En la prueba del laberinto, los participantes tenían que conseguir que su robot siguiera unas líneas hasta encontrar la salida. Algo que, sobre el papel, parece sencillo, pero que requiere lógica, precisión y trabajo en equipo. “Es como enseñarle a un robot a pensar”, decía Sergio, de Valladolid. “Nosotros le decimos lo que tiene que hacer, pero si algo falla, tenemos que pensar por qué”, añadía concentrado.

En otra de las pruebas, los robots debían reconocer formas y reaccionar con luces. “Cuando llega a un triángulo, tiene que pararse y cambiar de color”, explicaba Marta, muy resuelta. “Eso lo hacemos con un bucle. Es como repetir una orden muchas veces”, añadía con precisión al programar el robot con el ordenador de su equipo.

Las explicaciones, espontáneas y claras, reflejan el verdadero espíritu del programa: aprender haciendo.

Prueba de las latas

Prueba de las latas. El robot debe sacar fuera del círculo las tres latas sin salirse de la circunferencia.

Más allá de la tecnología

Durante la inauguración, la Vicerrectora de Investigación de la Universidad, Patricia Cabrero, lo dejó claro: “Hoy los protagonistas sois vosotros”. Y les lanzó dos mensajes sencillos: disfrutar y animaros unos a otros.

Un enfoque que también compartieron el resto de las autoridades. “Lo importante no es quién gana o pierde, sino cómo trabajáis en equipo, cómo aprendéis del error y cómo crecéis”, se insistió Natalia Díez de la Fundación La Caixa durante la jornada.

Esa idea caló entre los participantes. “A mí me gusta porque trabajamos juntos. Si uno no sabe algo, otro lo explica, y tenemos como apoyo a los profes”, decía Claudia.

Inclusión y oportunidades

Uno de los pilares del programa es su carácter inclusivo. A lo largo del curso, alumnado con diferentes capacidades ha participado en igualdad de condiciones, gracias a la colaboración de entidades especializadas. “Todos podemos programar, solo hay que encontrar la forma”, afirmaba Diego, orgulloso de su equipo.

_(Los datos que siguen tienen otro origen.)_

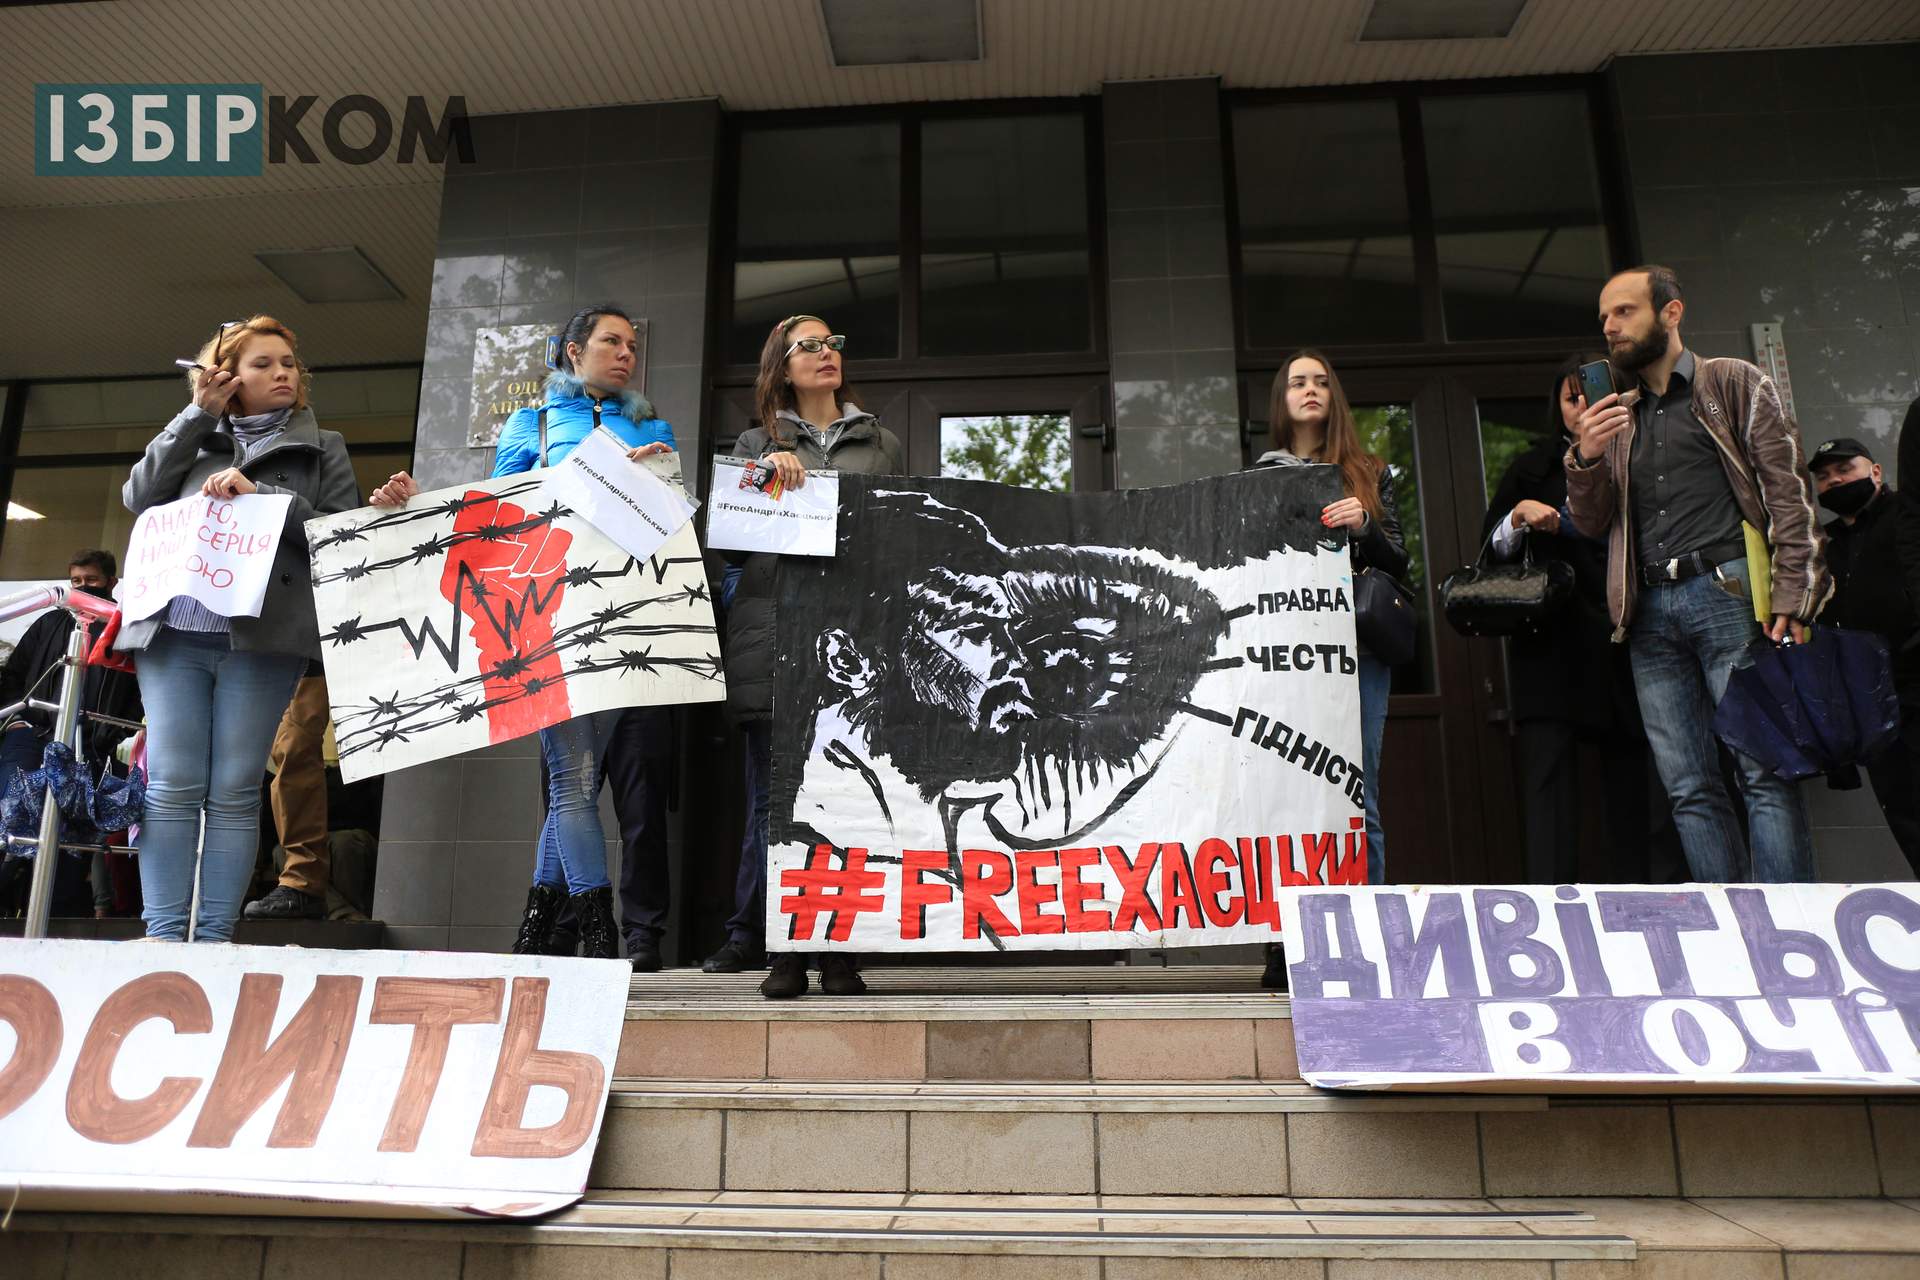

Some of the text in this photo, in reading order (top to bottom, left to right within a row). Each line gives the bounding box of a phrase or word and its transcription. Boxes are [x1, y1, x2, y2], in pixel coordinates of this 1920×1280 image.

[572, 456, 669, 537] #FreeАндрійХаєцький
[197, 525, 271, 555] СЕРЦЯ
[1258, 587, 1350, 615] ПРАВДА
[1247, 643, 1356, 674] ЧЕСТЬ
[1231, 706, 1366, 810] ГІДНІСТЬ
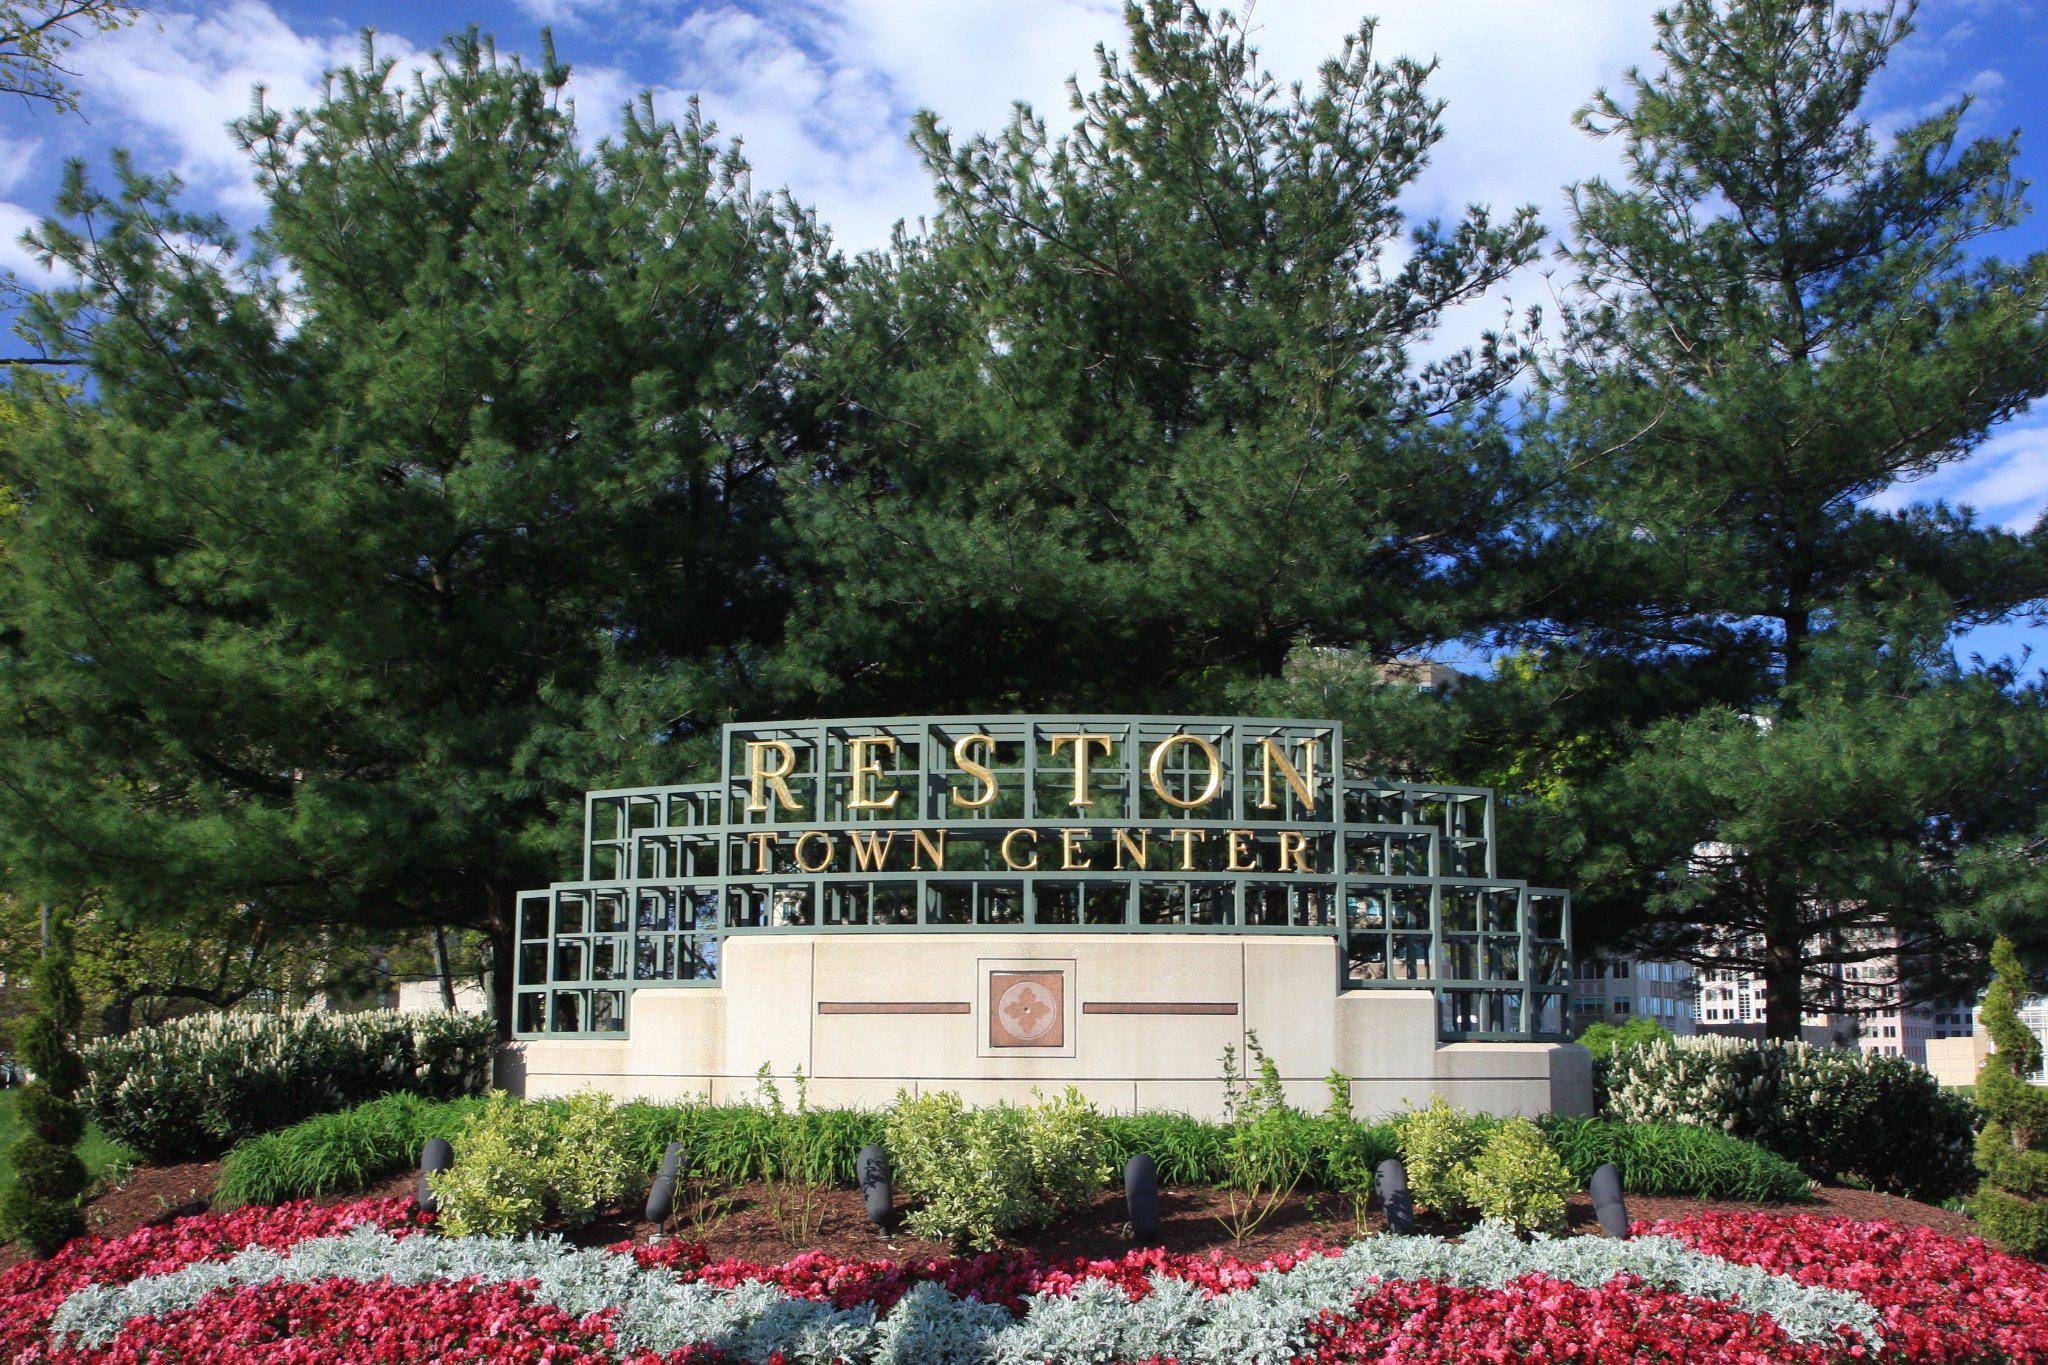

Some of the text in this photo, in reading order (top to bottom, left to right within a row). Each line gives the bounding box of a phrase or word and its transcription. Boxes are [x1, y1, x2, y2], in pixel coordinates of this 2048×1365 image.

[747, 734, 1318, 811] RESTON
[748, 828, 1314, 873] TOWN CENTER

La iniciativa busca, además, reducir la brecha de género en disciplinas STEM. Y en la final, eso se notaba con las niñas liderando equipos, explicando estrategias y programando con la misma soltura que sus compañeros.

Prueba final

Prueba final. El robot debe realizar un recorrido por las líneas marcadas en el menor tiempo posible.

Una experiencia que deja huella

Entre risas, nervios y algún que otro fallo técnico, la jornada avanzó hasta la esperada final. Solo tres equipos llegaron al último reto.

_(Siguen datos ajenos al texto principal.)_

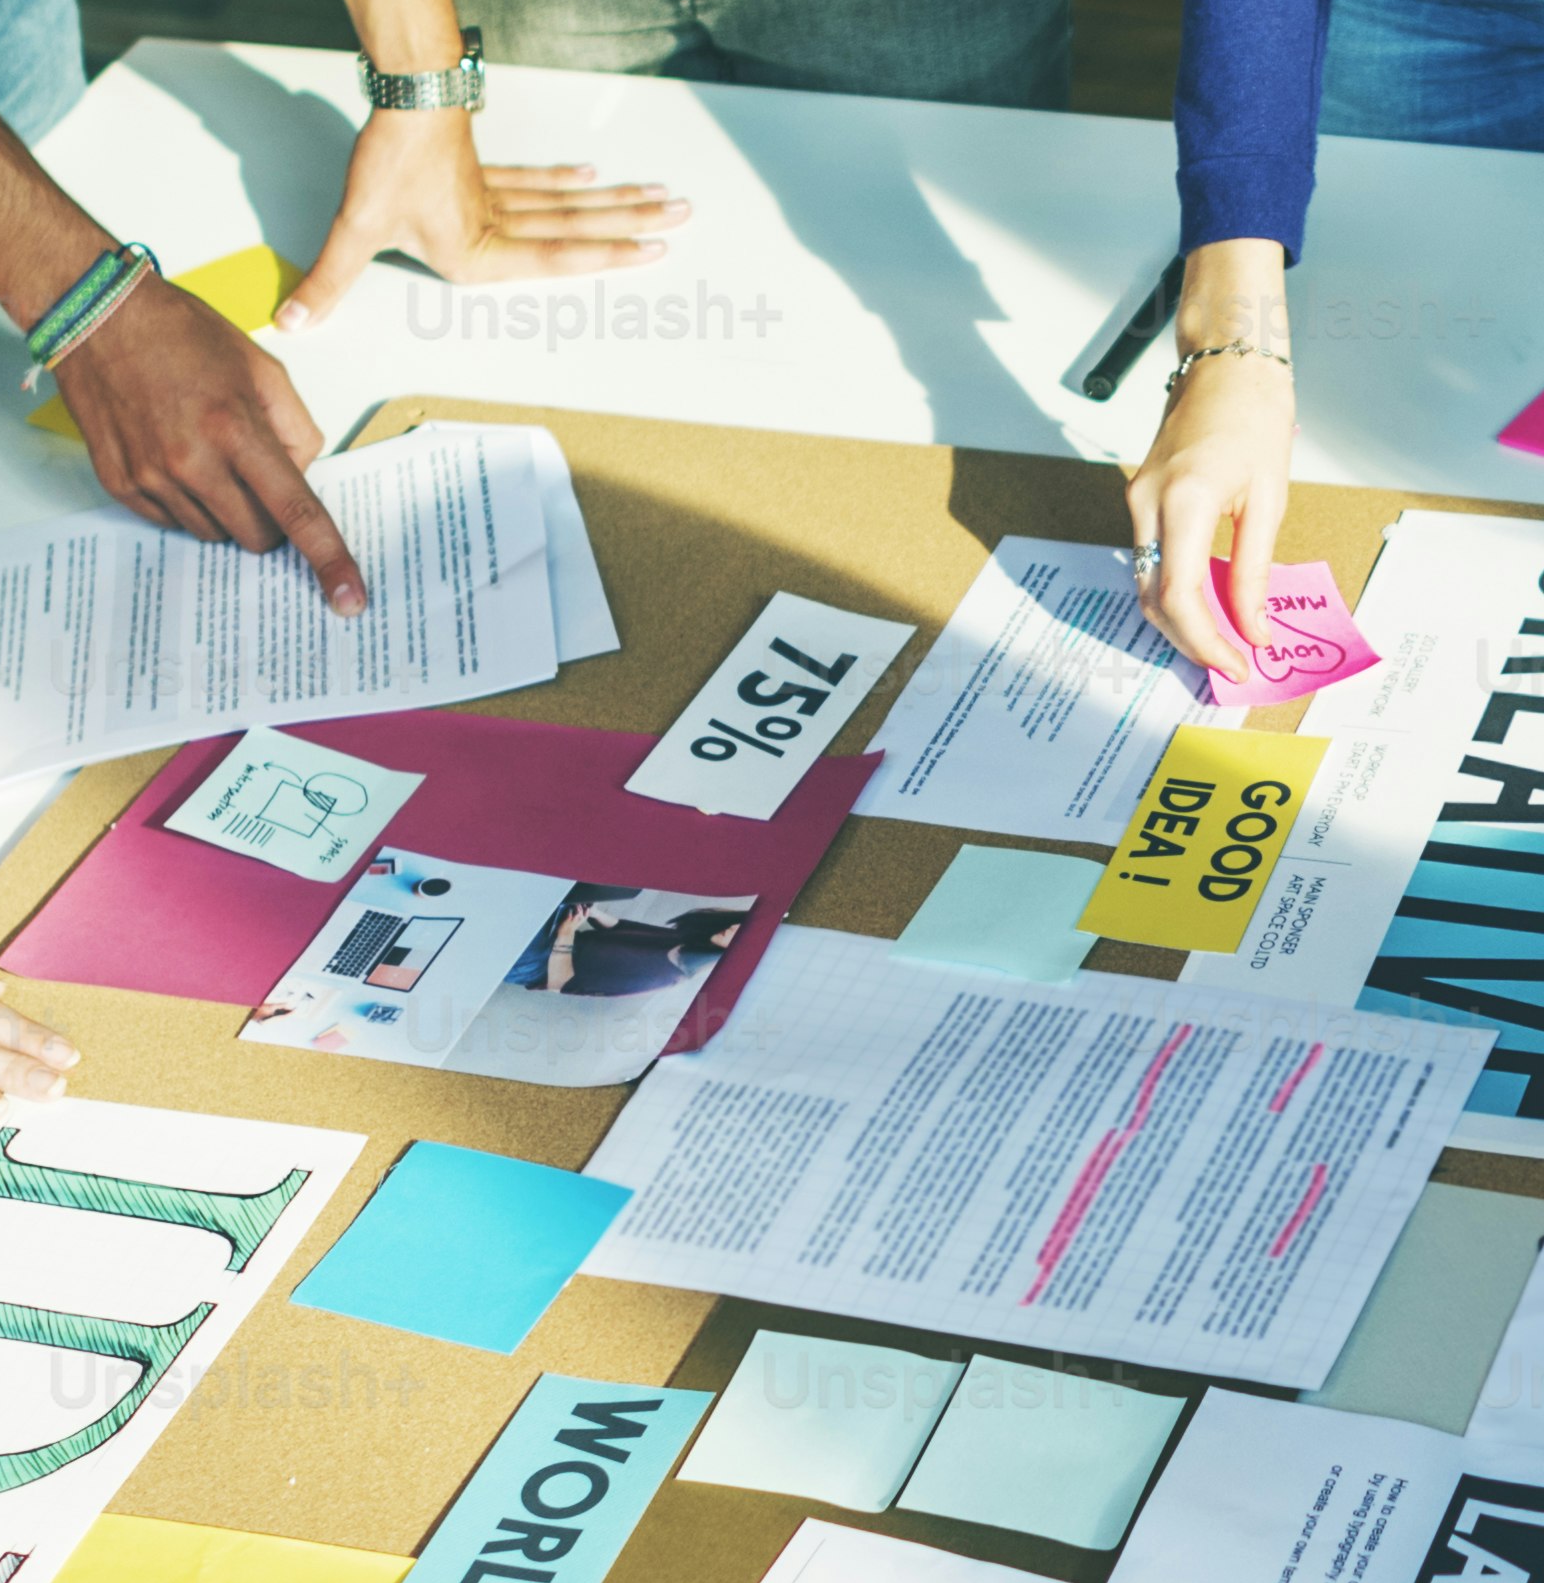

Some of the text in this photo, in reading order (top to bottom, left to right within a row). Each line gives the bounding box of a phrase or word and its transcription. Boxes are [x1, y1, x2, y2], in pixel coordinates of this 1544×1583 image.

[1265, 644, 1326, 662] LOVE
[1396, 633, 1419, 656] EAST
[1403, 634, 1439, 693] 203 GALLERY
[690, 637, 858, 761] 75%
[1345, 742, 1367, 768] START
[1353, 744, 1388, 801] WORKSHOP
[1331, 781, 1351, 796] PM
[1129, 778, 1216, 858] IDEA
[1306, 797, 1345, 847] EVERYDAY
[1198, 780, 1291, 902] GOOD
[1283, 875, 1304, 896] ART
[1268, 897, 1296, 930] SPACE
[1279, 877, 1327, 955] MAIN SPONSER
[1329, 1465, 1344, 1477] or
[1368, 1472, 1388, 1487] by
[1313, 1478, 1338, 1512] create
[1351, 1489, 1378, 1519] using
[1386, 1478, 1409, 1502] How
[1381, 1505, 1397, 1515] to
[1297, 1514, 1322, 1539] your
[1365, 1518, 1391, 1552] create
[1289, 1540, 1308, 1564] own
[1323, 1520, 1365, 1581] typography
[1350, 1554, 1375, 1579] your

Y llegó el momento de los premios. En tercera posición quedaron en tercera posición el equipo Tecnorojas, del CEIP Fernando de Rojas, en un diploma que entregó Rubén Martínez, gerente de la Fundación Asti. Logró la segunda posición el equipo Darwin entregado por Natalia Díez de la Fundación La Caixa. Y los ganadores este año han sido los del equipo Aurelio, de Lucidus Burgos, que han recibido el diploma ganador de la mano de Roberto Saiz, delegado de la Junta de Castilla y León en Burgos y el director provincial de Educación en Burgos.

En la clausura, Roberto Sanz agradeció la participación de todos los centros y felicitó a los ganadores, destacando que lo verdaderamente importante del programa es la formación y el aprendizaje. Subrayó el valor de pensar antes de actuar, aprender de los errores y mejorar continuamente, más allá de los resultados de la competición. También recordó el trabajo conjunto entre instituciones, profesorado y entidades colaboradoras, y animó a todos los participantes a sentirse satisfechos por lo aprendido durante la jornada, pero también en los meses previos de preparación.

STEM Talent Kids cierra así una nueva edición demostrando que la ciencia, la tecnología y la educación pueden ser, además de formativas, profundamente emocionantes. Y que, cuando se aprende jugando, el futuro se construye con más ganas.